PLN Bidik Pengadaan Kompor Induksi 300 Ribu Unit di 2022
Jakarta, CNBC Indonesia - PT PLN (Persero) menargetkan pengadaan kompor induksi pada tahun ini bisa mencapai 300 ribu unit. Hal tersebut sejalan dengan rencana perusahaan yang mendorong program konversi LPG ke Kompor Induksi sebanyak 15,3 juta pelanggan.
Direktur Utama PT PLN (Persero) Darmawan Prasodjo mengatakan pihaknya telah melakukan market sounding terhadap pabrikan penyedia dalam negeri yang memiliki kemampuan untuk produksi kompor induksi dan membuat modul meter.

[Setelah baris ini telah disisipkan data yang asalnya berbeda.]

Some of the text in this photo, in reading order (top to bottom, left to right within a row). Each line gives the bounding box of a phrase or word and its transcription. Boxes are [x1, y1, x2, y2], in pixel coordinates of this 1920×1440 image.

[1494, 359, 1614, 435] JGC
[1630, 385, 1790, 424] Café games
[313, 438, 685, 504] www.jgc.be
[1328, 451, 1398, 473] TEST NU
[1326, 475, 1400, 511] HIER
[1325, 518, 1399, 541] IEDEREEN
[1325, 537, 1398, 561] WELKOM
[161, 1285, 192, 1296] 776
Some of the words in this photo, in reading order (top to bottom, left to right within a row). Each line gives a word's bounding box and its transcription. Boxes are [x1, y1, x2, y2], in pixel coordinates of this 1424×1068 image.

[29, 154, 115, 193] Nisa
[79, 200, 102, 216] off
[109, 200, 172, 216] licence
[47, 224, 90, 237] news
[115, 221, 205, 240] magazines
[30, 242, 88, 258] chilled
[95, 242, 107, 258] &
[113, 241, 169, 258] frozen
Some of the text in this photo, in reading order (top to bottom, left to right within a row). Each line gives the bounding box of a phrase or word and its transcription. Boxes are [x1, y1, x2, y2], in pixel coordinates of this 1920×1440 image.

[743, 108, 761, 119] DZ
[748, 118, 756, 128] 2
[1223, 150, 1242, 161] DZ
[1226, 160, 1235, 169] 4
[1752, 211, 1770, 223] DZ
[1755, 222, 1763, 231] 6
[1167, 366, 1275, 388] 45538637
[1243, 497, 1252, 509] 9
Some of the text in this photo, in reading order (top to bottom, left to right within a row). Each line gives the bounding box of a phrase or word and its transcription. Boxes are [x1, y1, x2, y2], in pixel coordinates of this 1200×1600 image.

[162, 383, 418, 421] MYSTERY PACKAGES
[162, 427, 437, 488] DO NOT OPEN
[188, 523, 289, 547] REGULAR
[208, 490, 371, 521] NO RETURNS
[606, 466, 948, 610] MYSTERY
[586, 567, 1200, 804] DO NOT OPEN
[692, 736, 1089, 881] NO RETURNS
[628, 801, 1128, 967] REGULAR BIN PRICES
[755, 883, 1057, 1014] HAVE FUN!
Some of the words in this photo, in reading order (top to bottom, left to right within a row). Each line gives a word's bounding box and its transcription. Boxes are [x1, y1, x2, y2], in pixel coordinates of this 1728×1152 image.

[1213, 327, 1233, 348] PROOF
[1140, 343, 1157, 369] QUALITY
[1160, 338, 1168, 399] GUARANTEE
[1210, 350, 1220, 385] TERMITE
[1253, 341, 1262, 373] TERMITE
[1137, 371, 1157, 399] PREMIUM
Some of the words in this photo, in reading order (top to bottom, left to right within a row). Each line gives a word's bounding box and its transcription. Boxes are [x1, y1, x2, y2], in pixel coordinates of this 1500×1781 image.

"Kami punya spesifikasi juga perlu adanya chipset membaca berapa penggunaannya setiap bulannya petugas catat meter kami untuk itu untuk mendukung program 300 ribu kompor induksi," ujar Darmawan dalam Rapat Dengar Pendapat bersama Komisi VII, Rabu (14/9/2022).
Menurut dia setelah selesai dilakukan market sounding dapat disimpulkan bahwa pabrikan penyedia kompor induksi dalam negeri yakni 11 pabrikan lokal) secara kapasitas produksi memiliki kesiapan yang cukup dan mampu menyediakan kompor induksi. Terutama untuk kebutuhan sebesar 300 ribu kompor induksi di tahun 2022.
"Kami sudah komunikasi intensif kompetisinya akan jauh lebih sehat lagi dimana akan banyak pabrik bisa partisipasi dalam proses lelang untuk pengadaan dalam kompor induksi tersebut," ujarnya.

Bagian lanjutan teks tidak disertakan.